Oct 16, 2018
Collegian File Photo

Selling textbooks made easy by Bulldog Book Recycling

What if you could send all unwanted textbooks or books to a place where they would be put to good use?

There is now, thanks to Fresno State alumnus Andrew Gong.

Bulldog Book Recycling is an online book recycling hub, where students of all ages can sell or donate unwanted books.

The business concept, created by Gong, began when he started dabbling in resale five years ago. He founded the resale store in 2016 after visiting a book sale where he began to buy and sell books.

He launched the website last month, making it easier for users to sell and donate books.

“Fast forward five years into buying and selling [books], I decided a website was going to be the new front for diverting books from reaching the landfill,” Gong said.

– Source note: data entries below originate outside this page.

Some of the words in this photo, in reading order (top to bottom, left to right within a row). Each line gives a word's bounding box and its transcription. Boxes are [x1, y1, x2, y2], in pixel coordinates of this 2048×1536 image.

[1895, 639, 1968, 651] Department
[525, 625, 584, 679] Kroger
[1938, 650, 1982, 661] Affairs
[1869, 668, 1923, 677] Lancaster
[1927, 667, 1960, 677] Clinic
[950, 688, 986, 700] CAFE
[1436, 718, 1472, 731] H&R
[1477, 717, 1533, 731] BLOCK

After he spent more than 20 hours creating the website, users now have a solid platform to get rid of their books in an environmentally friendly way.

“My hopes for this website launch is to divert as many books as I can from the dumpsters to new homes,” he said.

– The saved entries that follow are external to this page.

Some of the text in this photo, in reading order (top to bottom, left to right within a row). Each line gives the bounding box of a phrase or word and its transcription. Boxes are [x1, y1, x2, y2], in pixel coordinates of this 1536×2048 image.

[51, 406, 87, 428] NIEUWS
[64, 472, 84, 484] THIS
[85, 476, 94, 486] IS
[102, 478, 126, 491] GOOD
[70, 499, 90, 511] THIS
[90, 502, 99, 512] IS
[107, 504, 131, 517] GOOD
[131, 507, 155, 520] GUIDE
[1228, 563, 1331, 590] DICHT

The website has two forms for books: textbooks and other books. Those looking to sell their textbooks can refer to the “textbooks” section to insert their ISBNs. The form is sent to Gong, and then he locates price offers appealing to students.

Individual books or book collections can also be sold on the website. Bulldog Book Recycling buys paperbacks for $1 and hardcovers for $2. Users are also welcome to donate their books.

Ninety-nine percent of the time the books are sent to Amazon’s warehouse where they are brought in through the “Fulfillment by Amazon” program. This allows Gong to send thousands of books out to customers without heavy upfront investments.

In high school, Gong said, he was an upcycler – someone who transforms waste materials into new products.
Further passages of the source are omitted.